Restate, word for word, each entry that follows, but skip its pictures.
■ ■ ■ ■
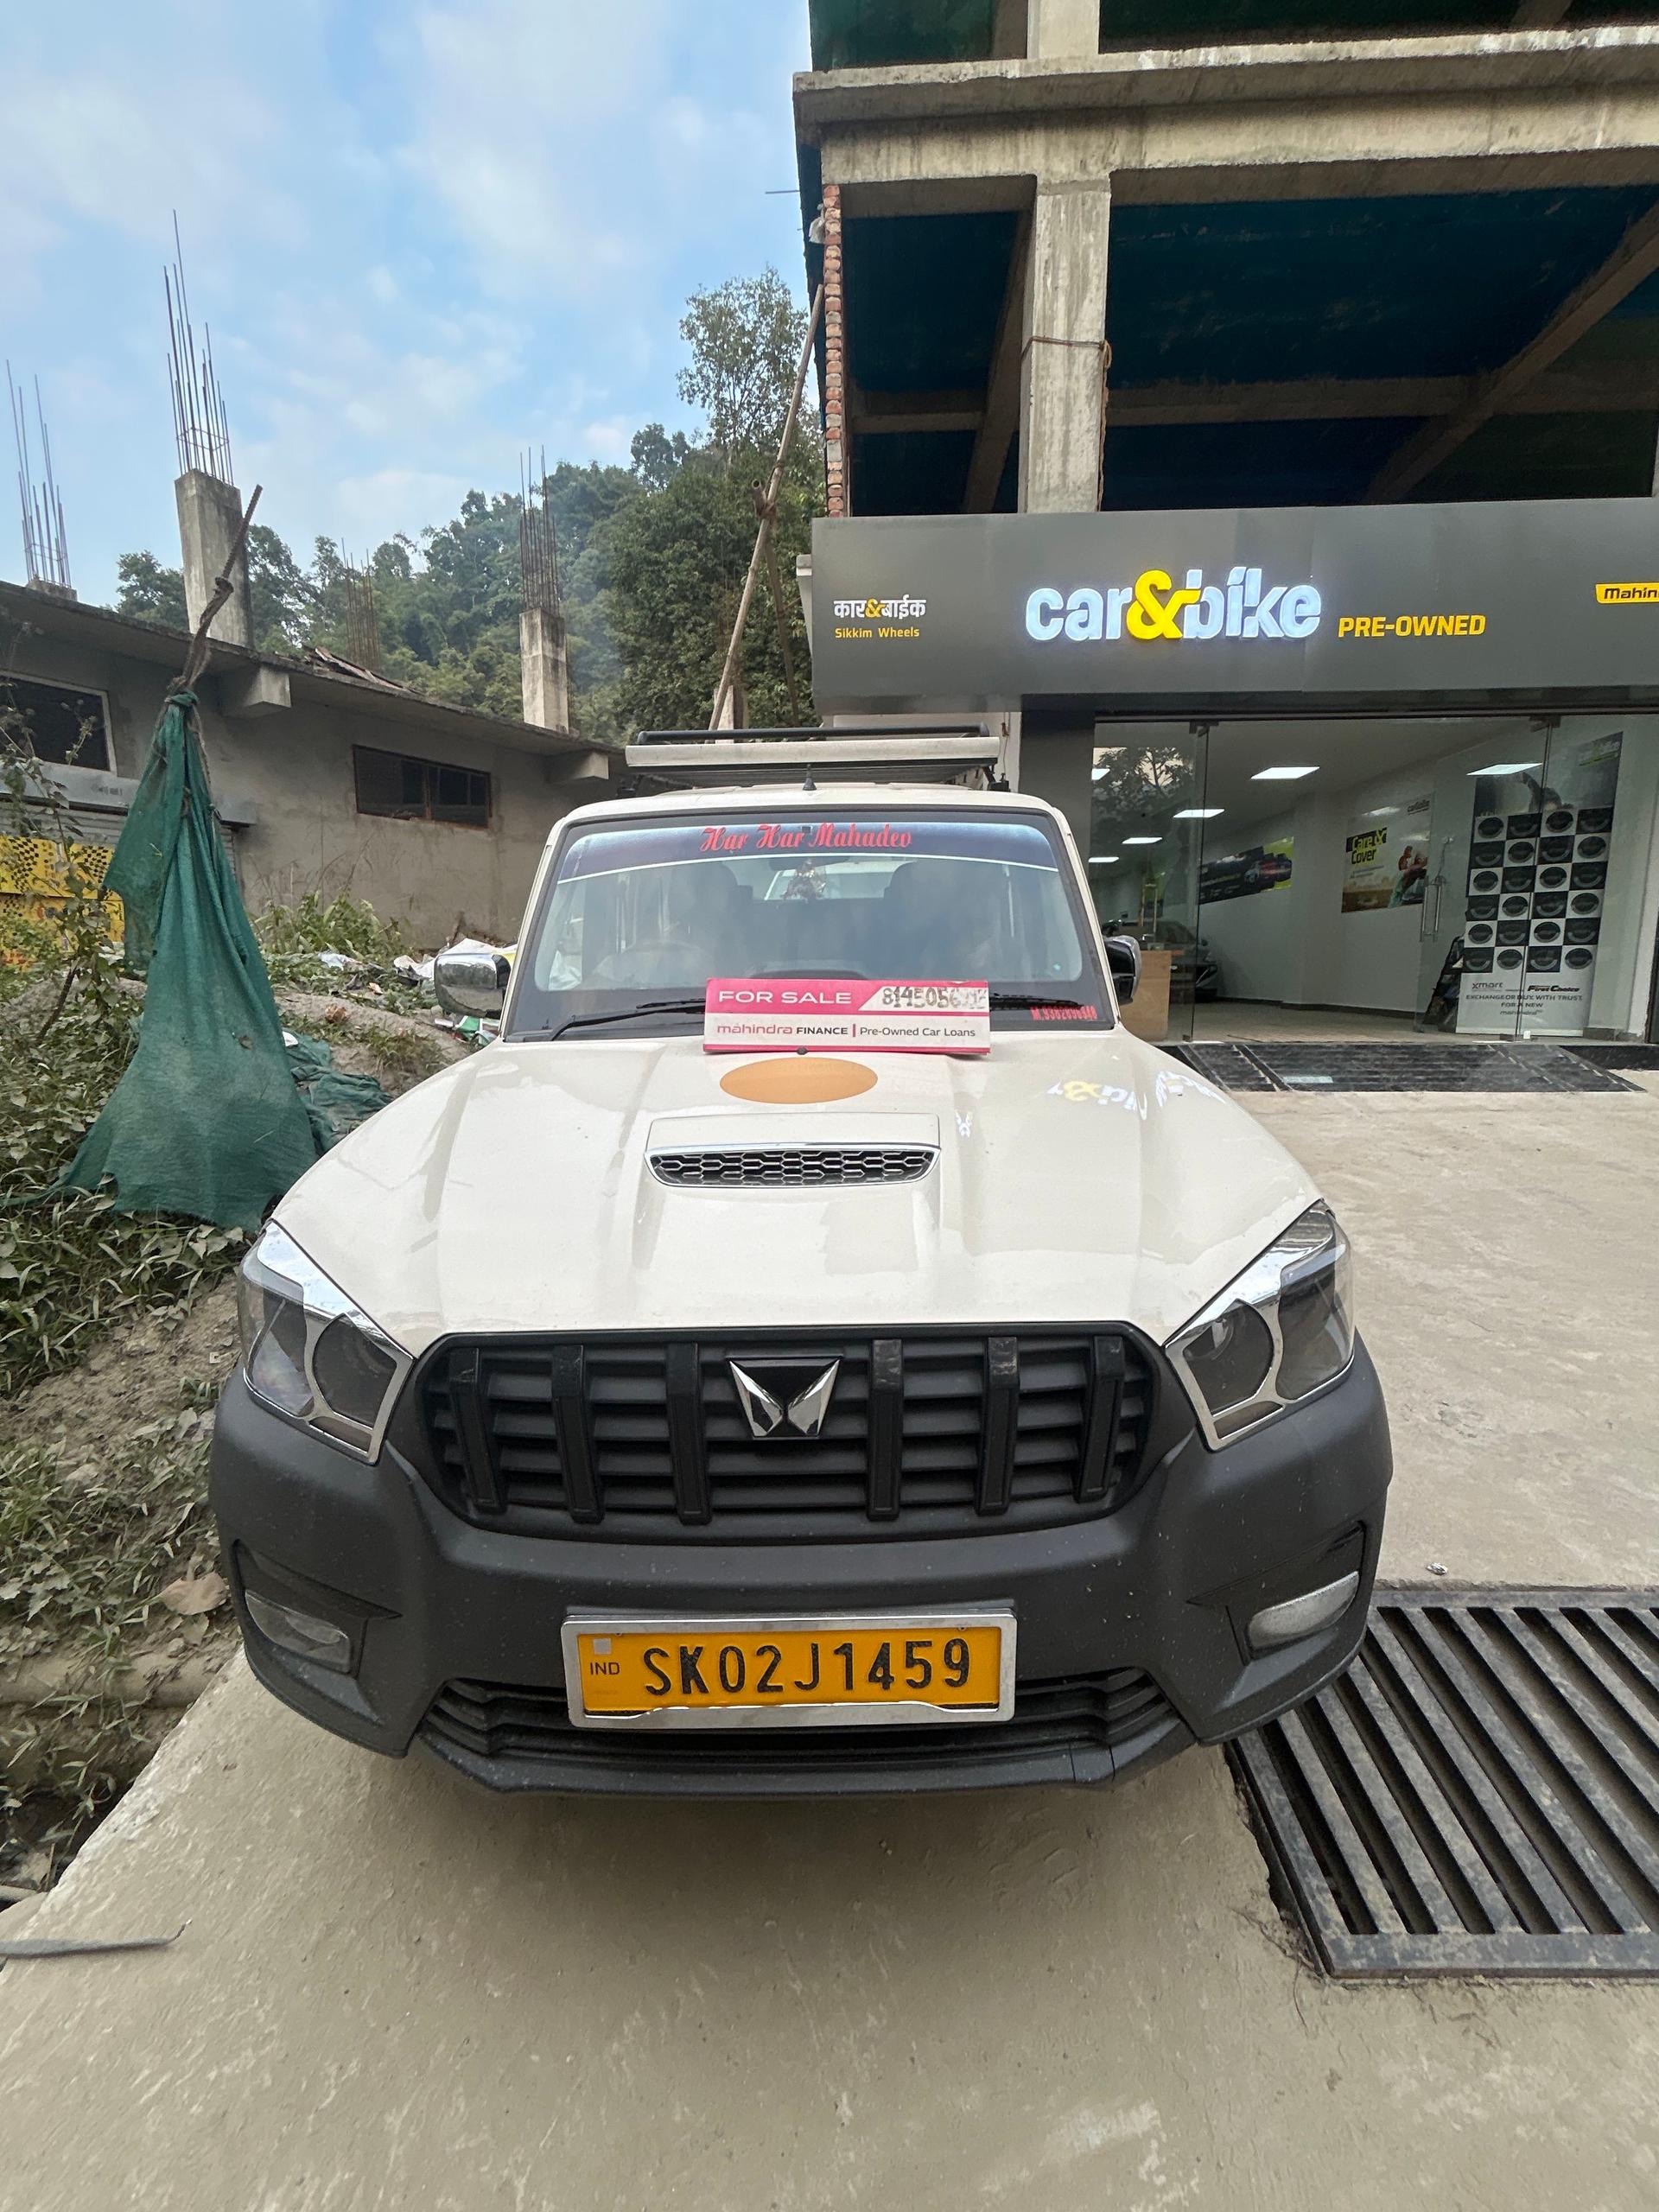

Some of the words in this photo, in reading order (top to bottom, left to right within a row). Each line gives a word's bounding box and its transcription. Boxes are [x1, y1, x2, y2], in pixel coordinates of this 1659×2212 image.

[1604, 588, 1659, 599] Mahin
[833, 594, 927, 620] कार&बाईक
[1025, 566, 1322, 641] car&bike
[835, 627, 873, 639] Sikkim
[878, 626, 920, 638] Wheels
[1338, 614, 1486, 638] PRE-OWNED
[701, 826, 747, 852] Har
[756, 823, 804, 849] Har
[808, 822, 912, 849] Mahadev
[1351, 834, 1375, 849] Care
[1351, 849, 1377, 865] Cover
[718, 990, 774, 1003] FOR
[781, 991, 852, 1004] SALE
[717, 1024, 793, 1034] mahindra
[796, 1027, 849, 1035] FINANCE
[860, 1027, 919, 1036] Pre-Owned
[922, 1027, 941, 1036] Car
[944, 1027, 976, 1037] Loans
[590, 1662, 620, 1675] IND
[643, 1637, 971, 1695] SK02J1459
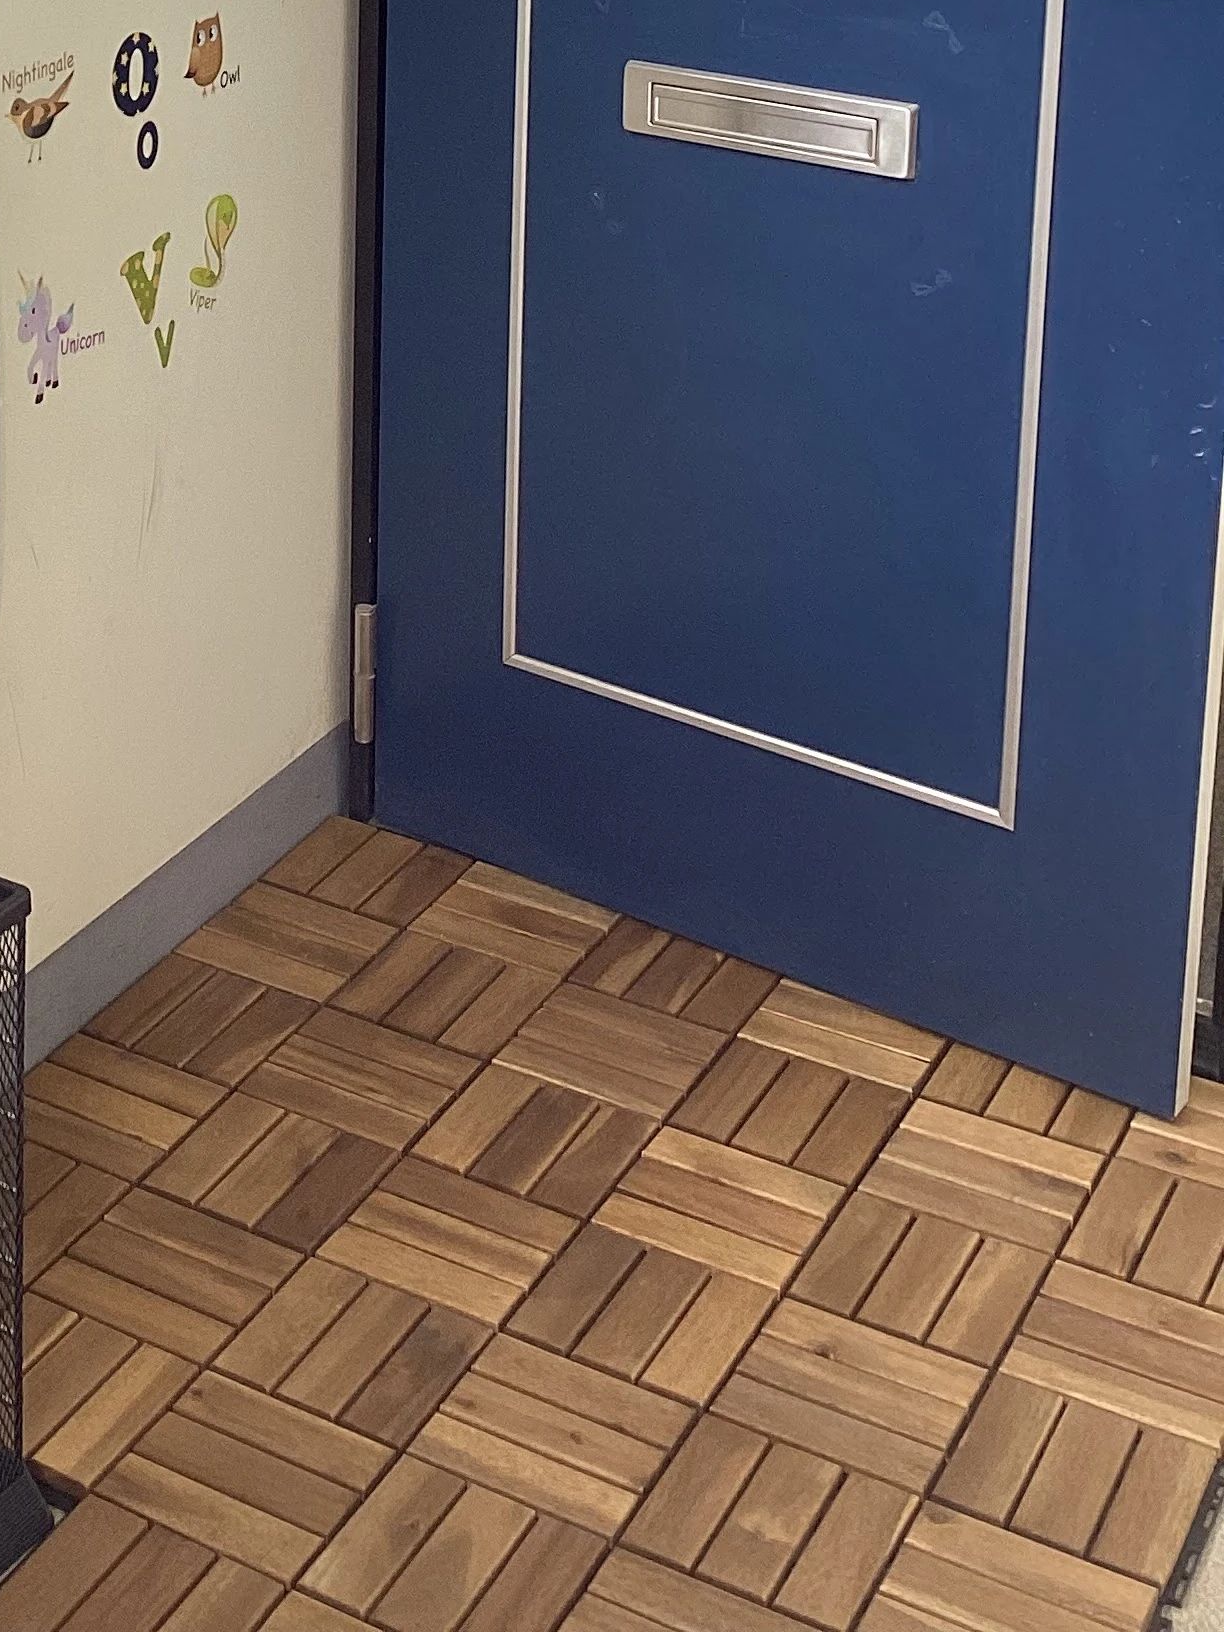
■ ■ ■ ■
_PROBLEM SOLUTION:_
Some of the words in this photo, in reading order (top to bottom, left to right within a row). Each line gives a word's bounding box and its transcription. Boxes are [x1, y1, x2, y2], in pixel coordinates of this 1659×2212 image.

[1604, 588, 1659, 599] Mahin
[833, 594, 927, 620] कार&बाईक
[1025, 566, 1322, 641] car&bike
[835, 627, 873, 639] Sikkim
[878, 626, 920, 638] Wheels
[1338, 614, 1486, 638] PRE-OWNED
[701, 826, 747, 852] Har
[756, 823, 804, 849] Har
[808, 822, 912, 849] Mahadev
[1351, 834, 1375, 849] Care
[1351, 849, 1377, 865] Cover
[718, 990, 774, 1003] FOR
[781, 991, 852, 1004] SALE
[717, 1024, 793, 1034] mahindra
[796, 1027, 849, 1035] FINANCE
[860, 1027, 919, 1036] Pre-Owned
[922, 1027, 941, 1036] Car
[944, 1027, 976, 1037] Loans
[590, 1662, 620, 1675] IND
[643, 1637, 971, 1695] SK02J1459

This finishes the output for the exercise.